━━ DATA TO PROCESS

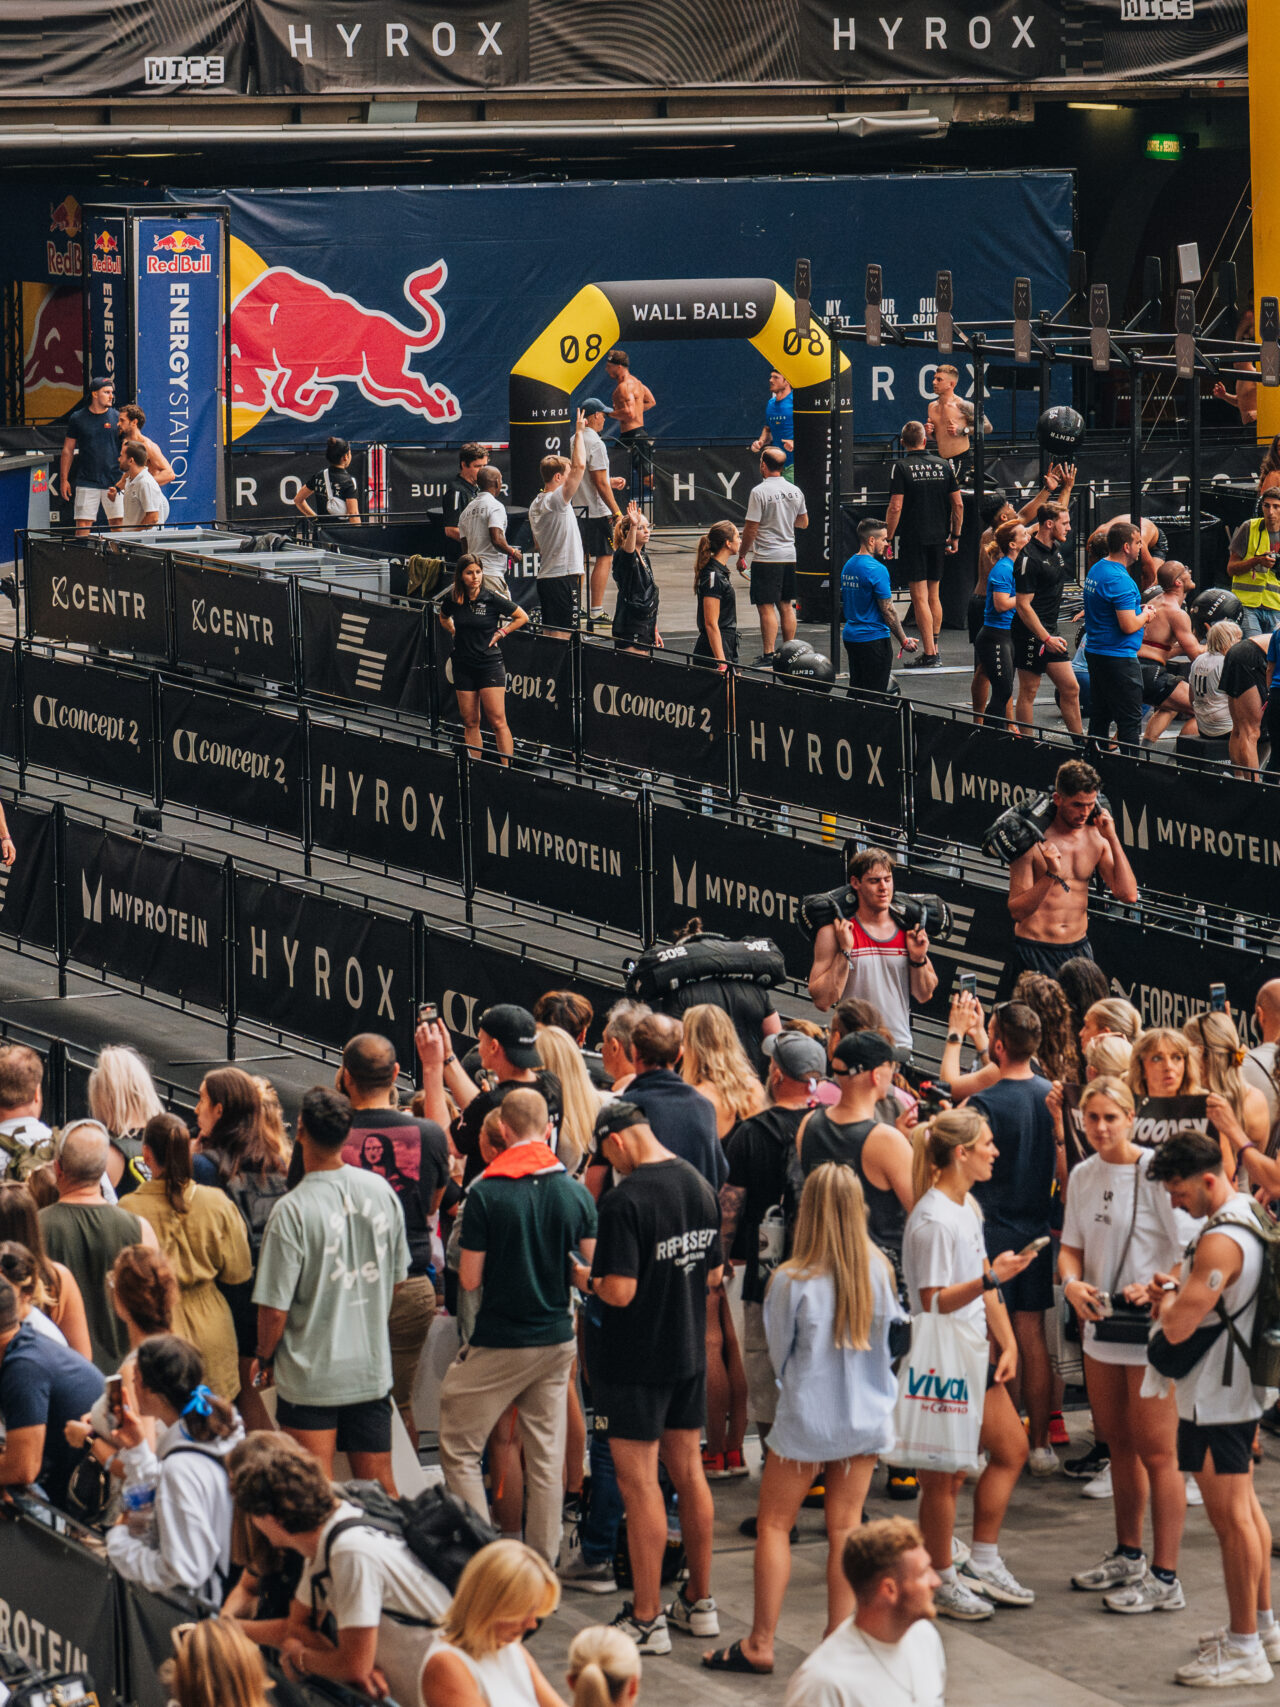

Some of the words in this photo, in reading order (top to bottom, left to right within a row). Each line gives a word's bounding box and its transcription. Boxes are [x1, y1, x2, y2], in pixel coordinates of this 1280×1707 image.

[288, 21, 503, 59] HYROX
[833, 16, 1035, 51] HYROX
[144, 56, 225, 84] NICE
[47, 241, 70, 275] Red
[92, 254, 107, 273] Red
[107, 254, 121, 274] Bull
[147, 254, 179, 273] Red
[180, 254, 211, 273] Bull
[632, 304, 686, 321] WALL
[693, 302, 757, 320] BALLS
[826, 300, 841, 315] MY
[560, 333, 602, 363] 08
[783, 327, 825, 356] 08
[532, 408, 569, 417] HYROX
[814, 398, 851, 406] HYOX
[909, 463, 932, 472] TEAM
[912, 470, 944, 478] HYROX
[72, 582, 147, 620] CENTR
[209, 606, 274, 647] CENTR
[505, 672, 542, 698] cept
[544, 678, 556, 702] 2
[59, 703, 125, 743] concept
[128, 723, 139, 746] 2
[621, 693, 695, 729] concept
[699, 707, 712, 733] 2
[199, 738, 270, 779] concept
[274, 757, 286, 785] 2
[751, 719, 885, 787] HYROX
[320, 764, 447, 840] HYROX
[517, 824, 621, 878] MYPROTEIN
[109, 887, 208, 948] MYPROTEIN
[250, 926, 395, 1021] HYROX

━━━━

#### [EXERCISE DETAILS]
Without the pictures, restate all the entries above exactly.

#### [TASK ANSWER]
Some of the words in this photo, in reading order (top to bottom, left to right within a row). Each line gives a word's bounding box and its transcription. Boxes are [x1, y1, x2, y2], in pixel coordinates of this 1280×1707 image.

[288, 21, 503, 59] HYROX
[833, 16, 1035, 51] HYROX
[144, 56, 225, 84] NICE
[47, 241, 70, 275] Red
[92, 254, 107, 273] Red
[107, 254, 121, 274] Bull
[147, 254, 179, 273] Red
[180, 254, 211, 273] Bull
[632, 304, 686, 321] WALL
[693, 302, 757, 320] BALLS
[826, 300, 841, 315] MY
[560, 333, 602, 363] 08
[783, 327, 825, 356] 08
[532, 408, 569, 417] HYROX
[814, 398, 851, 406] HYOX
[909, 463, 932, 472] TEAM
[912, 470, 944, 478] HYROX
[72, 582, 147, 620] CENTR
[209, 606, 274, 647] CENTR
[505, 672, 542, 698] cept
[544, 678, 556, 702] 2
[59, 703, 125, 743] concept
[128, 723, 139, 746] 2
[621, 693, 695, 729] concept
[699, 707, 712, 733] 2
[199, 738, 270, 779] concept
[274, 757, 286, 785] 2
[751, 719, 885, 787] HYROX
[320, 764, 447, 840] HYROX
[517, 824, 621, 878] MYPROTEIN
[109, 887, 208, 948] MYPROTEIN
[250, 926, 395, 1021] HYROX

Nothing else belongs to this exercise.